Theater

Icelandic musical about the financial crisis is on thin ice

It’s the rare musical title that tips off the plot: There is indeed a riot going in “Revolution in the Elbow of Ragnar Agnarsson Furniture Painter,” and it does take place inside that man’s elbow.

Conceptually, this is kind of like the ’60s movie “Fantastic Voyage” as done as a rock musical about the 2008 financial collapse of Iceland.

Book writers Ívar Páll Jónsson and Gunnlaugur Jónsson probably believed New Yorkers could more easily relate to a body part than Reykjavík.

With a premise this jaw-droppingly odd, there are only two possible outcomes: The show could be a wonderful oddity or a cringe-fest.

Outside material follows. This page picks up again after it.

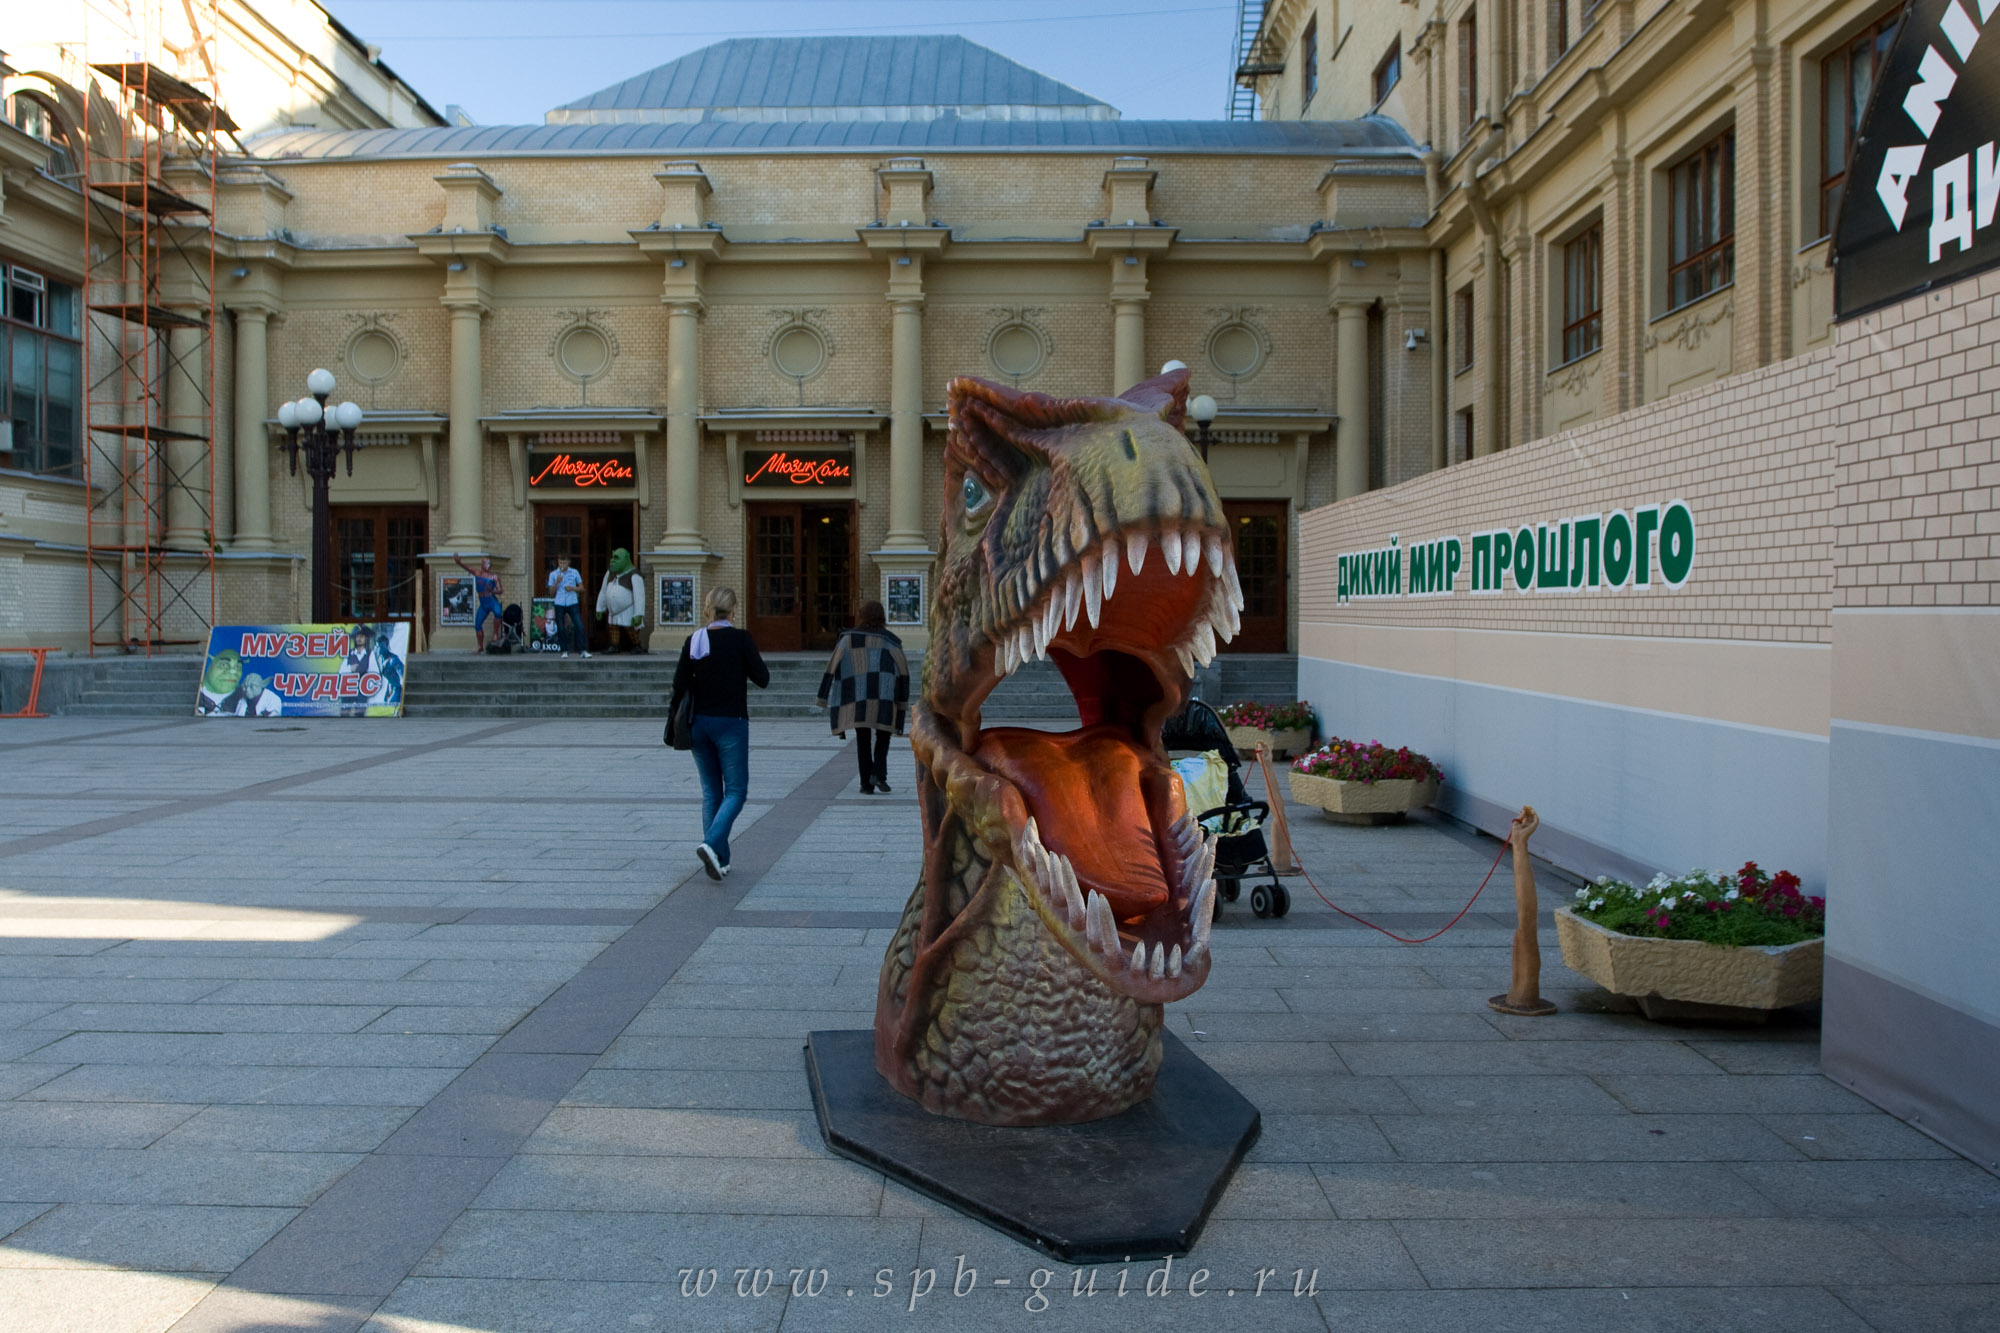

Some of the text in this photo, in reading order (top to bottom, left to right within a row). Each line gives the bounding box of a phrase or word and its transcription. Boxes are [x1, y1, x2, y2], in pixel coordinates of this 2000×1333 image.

Unfortunately, it takes option 2.

The denizens of Elbowville — that’s north of Knee York and south of Eyesockette — don’t mind living in a sleepy backwater, fishing lobster in the lymphatic channels.

Things change when ambitious aide Peter (Marrick Smith) persuades his mayor boss (Cady Huffman) to create wealth with a “prosperity machine” that manufactures both bogus promissory notes and insufferable whimsy in equal quantities.

A consumerist bubble is followed by a violent crash accompanied by civic unrest.

It’s the audience that should go to the barricades, set off by Jónsson’s awful lyrics — “Everyone is happy,” the mayor sings triumphantly, “everyone is wealthy/I’m sexually healthy.”

For a musical set in an elbow, “Revolution” has its heart in the right place, but it’s heavy-handed and tiresomely quirky. It also looks like a terrible hybrid of Dr. Seuss and Tim Burton.

A bull market isn’t the only thing that can crash and burn.